Эта пауза насторожила меня, страх снова начинал возвращаться. Он хочет сказать, что с Никой? Она умерла?

– Где она? – выдала я. Прозвучало это грубее, чем в моей голове.

Пока папа выдохнул, пока облизнул высохшие от волнения губы, пока набрал в легкие воздух для ответа, мне казалось, прошла целая вечность.

– Она в больнице. Мама уехала к ней утром, а я… я хотел дождаться, пока ты проснешься.

– Так поехали в больницу, – я уперлась одной рукой в пол и оттолкнулась от него, но отец с силой усадил меня на место.

– Еще слишком рано, Майя. Поедем через час.

Он замолчал на мгновение, а взгляд перевел на пол как будто там был написан вопрос, который он хочет задать мне.

– Что там произошло?

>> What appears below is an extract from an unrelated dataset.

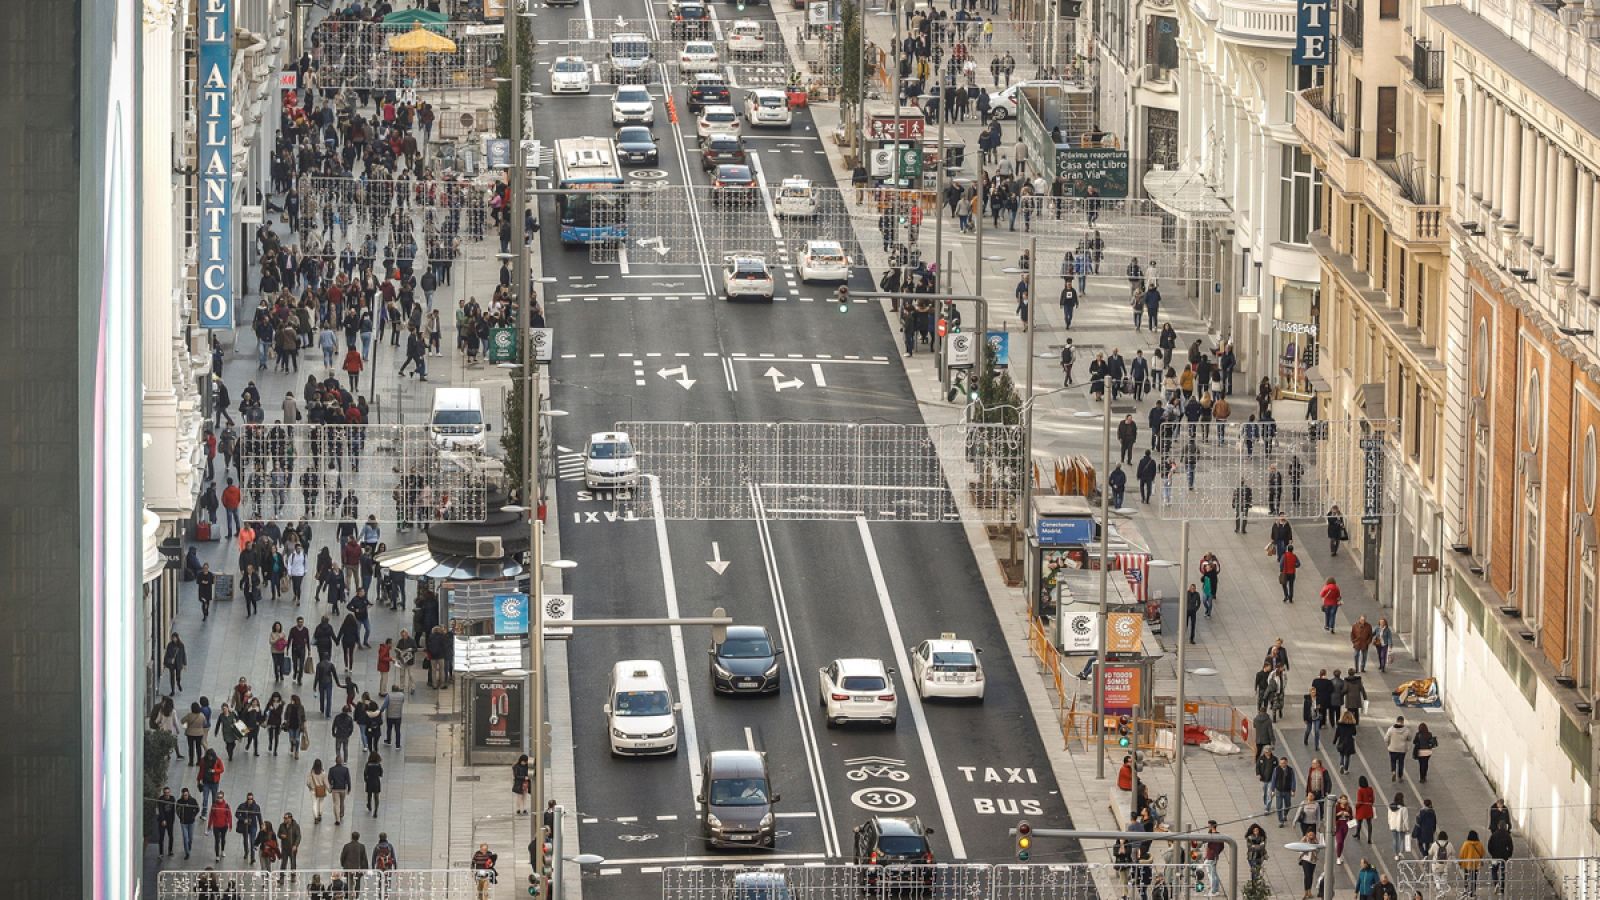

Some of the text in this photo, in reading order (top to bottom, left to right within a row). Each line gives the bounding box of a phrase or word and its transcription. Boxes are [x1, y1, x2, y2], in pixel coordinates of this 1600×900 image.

Как вы оказались в том замке?

Я молчала. Даже сил на то, чтобы пожать плечами, у меня не было. Я не помню, что случилось. Я не знаю, что произошло.

Ком разочарования в самой себе снова подкатил к горлу, по пути выбив пару слезинок из моих глаз. Я жалобно застонала, закрыв глаза и силясь вспомнить хоть что-то.

– Мы ужинали: ты, я, мама и Ника. А потом… потом… – страх вернулся с новой силой. Моя рука начала отбивать триоли на ладони отца, поэтому ему пришлось сжать ее.

– На вас напали?

– Я не… – я всхлипнула, –я не знаю… Я помню ужин, а потом Ника… – снова всхлип, – она лежит на земле, а вокруг ее головы кровь. И скрипка, – я схватила папу за рукав кофты, – кто-то играл на скрипке, папа! Кто-то играл на скрипке, пока Ника умирала, – я разрыдалась и уткнулась в плечо отца.

Его рука скользит по моим волосам и плечам. Он вздрагивает, но я не решаюсь взглянуть на него, боюсь увидеть слезы.

За всю жизнь я ни разу не видела, как плачет мама, никогда не видела ссоры родителей и, тем более, никогда не видела слезы отца. Даже когда умер дедушка, я не увидела ни слезинки на его лице. Конечно, став взрослой, я понимала, он скрывал от нас свои боль, горе или гнев, делал так, чтобы мы не видели этого. Вокруг нас он возвел стену, и она оберегала нас от всего плохого, от того, что могло бы нас расстроить.

Но теперь эта стена рухнула.

– Майя, – его голос задрожал. Он продолжал гладить меня по волосам, а я – вдыхать его парфюм, такой знакомый аромат кардамона и чего-то сладко-горького, – я знаю, тебе страшно. Но я рядом с тобой, – его голос сорвался на миг, он прокашлялся и продолжил. – Нам будет тяжело, особенно маме. Но мы все преодолеем, правда? – слышу, как он улыбнулся. – Ты только… ты только не отстраняйся от меня, пожалуйста. Особенно сейчас.

Я подняла голову и посмотрела на него. Под его глазами блестели слезы.

Я кивнула в ответ на его просьбу и улыбнулась.

Мы все преодолеем.

3

Максим не сразу услышал звонок мобильника, потому что тот был завален отчетами криминалистов, распечатками фотографий с места преступления, показаниями очевидцев и всей прочей макулатурой, которую ему с утра бросали на рабочий стол. Кстати, домой он вчера так и не ушел, посчитав, что сон в комнате для допросов и стаканчик кофе из автомата куда лучше пустой квартиры, в которой еще недавно он жил со своей невестой и между поисками преступников планировал с ней свадьбу.